Скользнув в сторону, чтобы пропустить крестьянина, священник подождал, пока тот распахнул дверь и вышел на дневной свет, прежде чем пойти следом. Священник почувствовал, что в душе Генриха что-то переменилось, и справедливо заподозрил, что нужно действовать быстро, иначе один грех может породить другой. Старший сын Эгона столкнулся со святым отцом в дверях, и тот увидел, как Эгон о чем-то спорит с Генрихом во дворе, а от своих домов рядом с усадьбой подходят другие горожане.
– Что он задумал? – спросил паренек. – Выглядит хуже, чем в то утро, когда…
– Тс-с-с, мальчик мой, – перебил его священник, который в лучах солнца и в присутствии свидетелей вновь почувствовал себя храбрее. – Эй, Генрих, а ну, стой!
Генрих и Эгон повернулись к священнику, вокруг них уже образовалась небольшая толпа. Среди пришедших были родственники присяжных, которых Гроссбарты убили в горах.
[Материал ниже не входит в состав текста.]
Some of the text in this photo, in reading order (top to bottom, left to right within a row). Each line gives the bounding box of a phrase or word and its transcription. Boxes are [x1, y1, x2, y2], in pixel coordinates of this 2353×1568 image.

Священник и крестьянин расположились по разные стороны двора, и клирик почувствовал, что сейчас у него появится возможность пристыдить Генриха у всех на глазах и тем заставить покориться.
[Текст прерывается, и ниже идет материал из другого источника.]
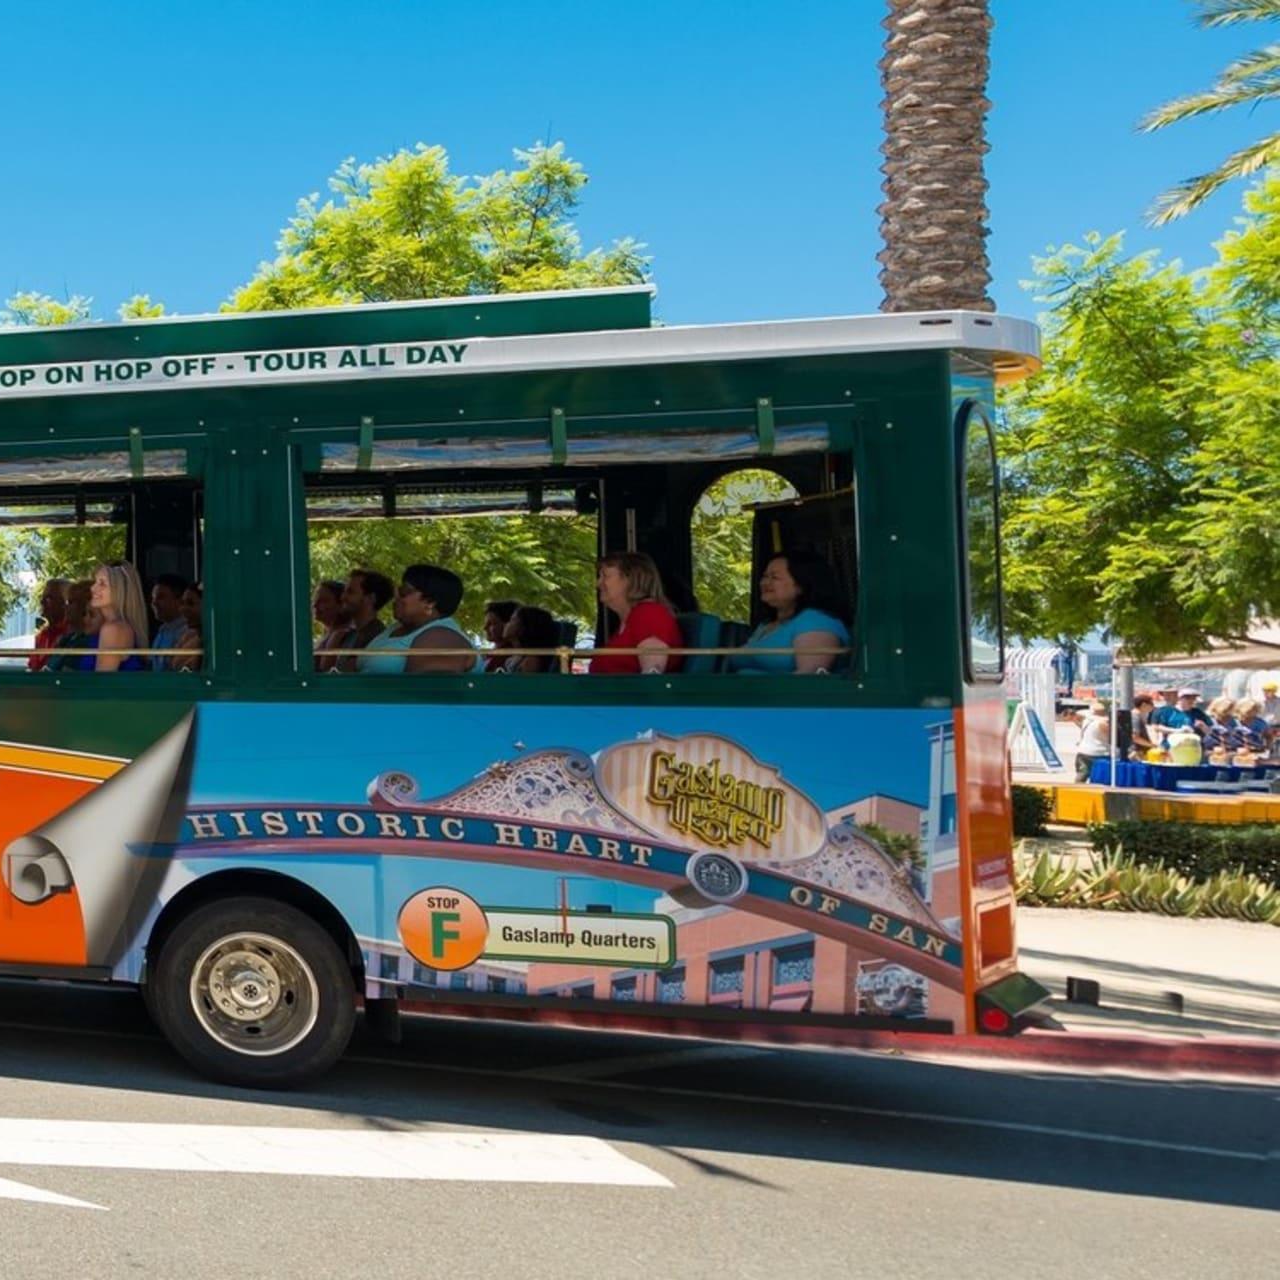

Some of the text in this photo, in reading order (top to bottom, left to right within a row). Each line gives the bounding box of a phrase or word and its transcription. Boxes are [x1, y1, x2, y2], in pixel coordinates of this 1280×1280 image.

[44, 365, 85, 386] ON
[93, 361, 153, 382] HOP
[161, 357, 217, 379] OFF
[244, 350, 328, 374] TOUR
[337, 346, 396, 369] ALL
[404, 343, 470, 365] DAY
[646, 750, 787, 833] Gaslamp
[184, 811, 948, 960] HISTORIC HEART OF SAN
[426, 896, 460, 910] STOP
[430, 912, 461, 959] F
[501, 925, 657, 951] Gaslamp Quarters
– Я знаю, что ты замышляешь! – воскликнул священник, обращаясь к жителям городка в той же степени, что и к Генриху. – Ты хочешь справедливости! Как и все мы, верно? Но ты рискуешь блаженством собственной души, когда пытаешься взять на себя труд Господа!
– А ты, значит, не берешь на себя каждый божий день труд Господа? – парировал Генрих, и при этих словах многие его соседи ахнули. – Я одного хочу добиться: перехватить Гроссбартов до того, как они доберутся до священника и получат отпущение. Нет для таких, как они, места на Небесах, и я – лишь орудие Божьей воли.
– Так?! Генрих, тебя обуяли горе, гнев и гордыня, ужасный грех – так себя называть! Дай Господу судить и карать, не рискуй собственной душой!
– Мне понадобится ваша помощь, – сказал Генрих, отвернувшись от священника к горожанам, стоявшим с побелевшими лицами. – У меня нет больше ни коня, ни одеял, ни еды, ни оружия – все забрали Гроссбарты. Но, клянусь, я костьми лягу, но отправлю братьев к их истинному господину. Хана, твой Гунтер…
– Мой Гунтер, – прошипела зареванная вдова, – из-за тебя погиб!
– Из-за меня? – Генрих почувствовал себя так, будто женщина пнула его в живот. – Нет, я ведь…
– Рыдал, умолял и выл, просил воздать по заслугам! Положился бы ты на Господа, так и муж мой не ушел бы с остальными, и его бы не погубили эти дьяволы!
– Хана… – взмолился Генрих. – Я же хотел поехать с ними! Я знаю, чего стоят Гроссбарты, лучше всех вас и мог бы… – Он замолк, увидев холодные взгляды соседей, застывшие лица, надутые щеки. Склонив голову еще ниже, Генрих чуть не поперхнулся, когда сказал: – Прошу вас.
Никто ничего не ответил, некоторые начали расходиться по домам.
– Лучше иди, – прошептал Эгон, и Генрих сморгнул слезы, пытаясь постичь, как вышло, что все винят его, а не гнусных Гроссбартов. – Я тебя понимаю, хоть остальные и не поняли. Я тебя отвезу так далеко, как смогу, хорошо?
– Я ее куплю, – сказал Генрих, когда они отвернулись от безмолвных обвиняющих взглядов. – Все свое поле тебе отдам. Сам знаешь, это отличная цена.
– Прости, Генрих, – проговорил Эгон и остановился, уставившись в землю, когда они обошли его домишко и оказались рядом с привязанной кобылой. – Ты ведь не хуже других знаешь, что у нас теперь меньше лошадей, чем было несколько дней тому, не только мне эта крошка понадобится. Но пока они…
Эгон замялся, откашлялся и утер глаза, чтобы отогнать ужасное воспоминание, прежде чем смог продолжить:
– Когда эти братья делали свое черное дело, я перерезал привязь коням Ганса и Гельмута, отпустил их, так что, может, мы найдем на дороге одного из них.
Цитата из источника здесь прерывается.